Workplace changes introduced in response to Covid-19 have provided organisations with the opportunity to reset team dynamics.

This major shift can, and should, also serve as a catalyst to embed more inclusive practices and more effective leadership skills. However, an inclusive work environment does not just happen – it requires sustained effort.

Dr Andri Georgiadou, an associate professor at the Nottingham University Business School and director of Equality Inclusion Diversity Centre (EQUIDY), spoke at a Generation Next event this month about how young leaders can embed diversity and inclusivity practices into their current workplaces. Jasmine Thompson finds out more.

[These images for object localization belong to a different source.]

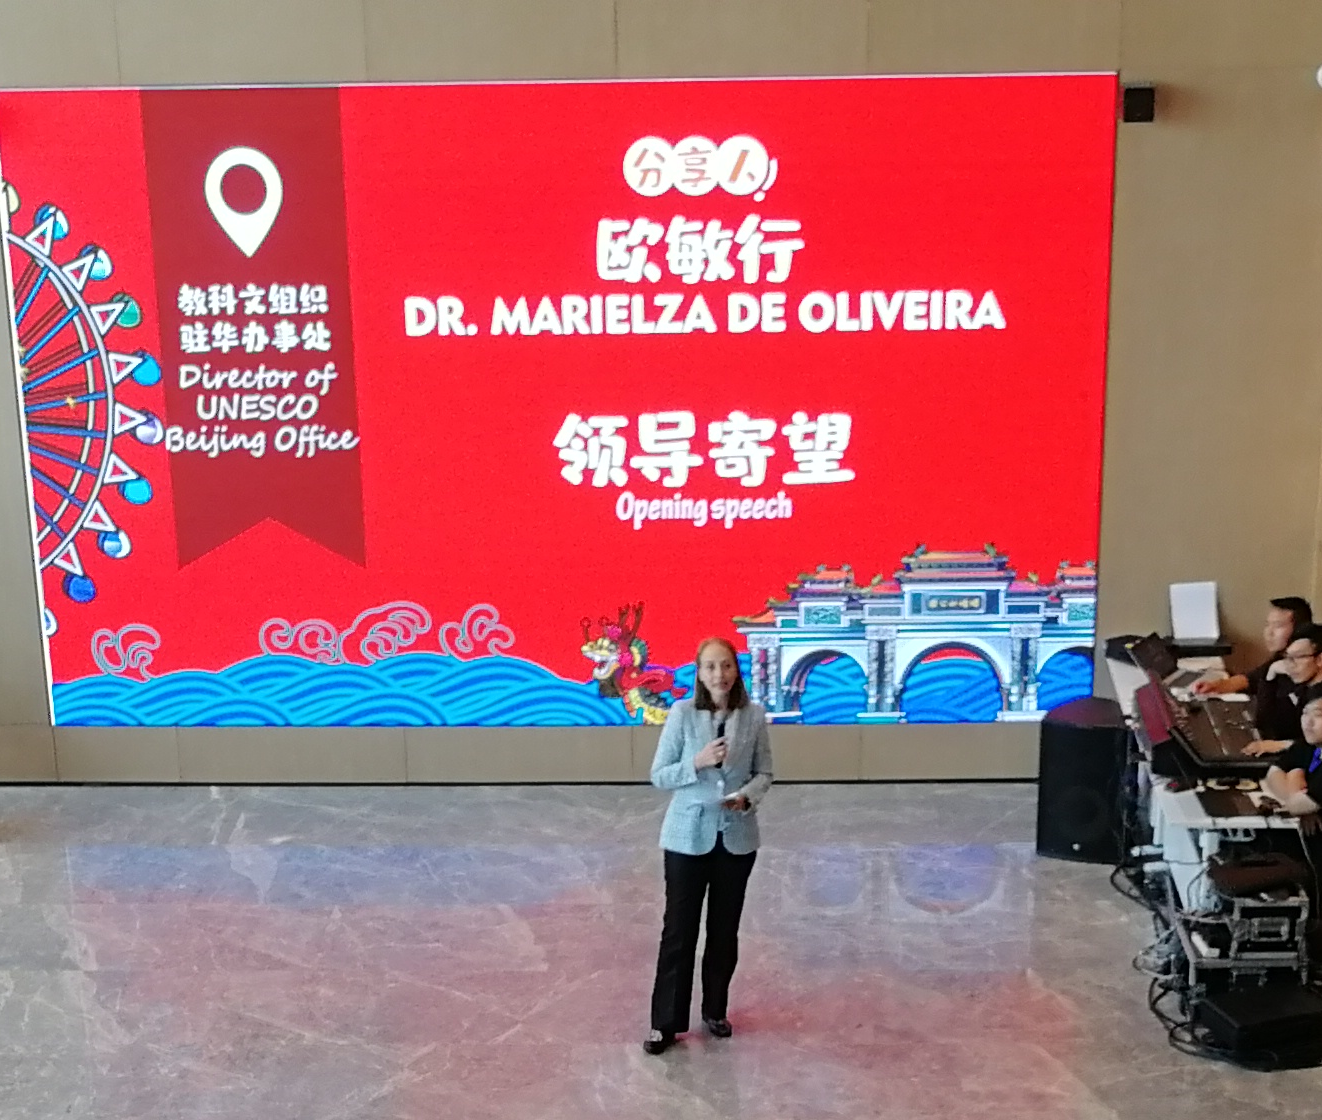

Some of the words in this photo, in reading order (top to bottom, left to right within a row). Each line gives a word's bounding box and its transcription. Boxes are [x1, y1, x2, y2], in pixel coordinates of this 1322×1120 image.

[629, 142, 761, 192] 分享人
[596, 213, 805, 284] 欧敏行
[177, 283, 329, 316] 教科文组织
[404, 296, 478, 337] DR.
[490, 294, 717, 335] MARIELZA
[727, 292, 787, 333] DE
[798, 290, 1006, 333] OLIVEIRA
[179, 321, 331, 353] 驻华办事处
[179, 364, 297, 390] Director
[305, 363, 338, 394] of
[196, 394, 319, 420] UNESCO
[165, 426, 266, 458] Beijing
[274, 426, 361, 459] Office
[553, 411, 855, 487] 领导寄望
[616, 492, 708, 530] Opening
[711, 491, 792, 528] speech

Talk us through your career background and job role within your current organisation.

I am an associate professor at the Nottingham University Business School and the founder and director of EQUIDY, a non-governmental organisation that specialises in promoting and improving equality, diversity and inclusion. I have worked with multinational corporations such as HSBC and mentored at the Cherie Blair Foundation for Women.

My research and consulting work focuses on management, human resources, and global diversity and inclusion management.

What is the “new workplace” and how has it affected inclusivity?

In the new workplace employees could either be sharing the same physical space or collaborating within a virtual work environment.

Inclusion is particularly important right now to help fully realise a sense of teamwork, safe culture, belonging, connectedness and meaningful support. Inclusive organisations can positively impact the wellbeing of all their stakeholders.

What are some of the characteristics of an inclusive workplace?

In inclusive workplaces, employees feel respected, they experience a sense of belonging and connectedness and are empowered to participate in decision-making processes. There are fair and objective selection, appraisal, development and processes in place.

How can young professionals support their organisation to become more inclusive?

  • Ensure that effective communication channels are in place
  • Provide training opportunities
  • Revise selection, appraisal, development, processes
  • Listen to employees
  • Give feedback
  • Support employees in a meaningful way.


Generation Next is a support network for young professionals aged between 18 and 35 based in the East Midlands. Its membership package gives young workers access to its events and mentoring programmes – which connects delegates with likeminded individuals, as well as leading business professionals from across the region, to build their networks and skills. For more information on how to become a Generation Next member, click here.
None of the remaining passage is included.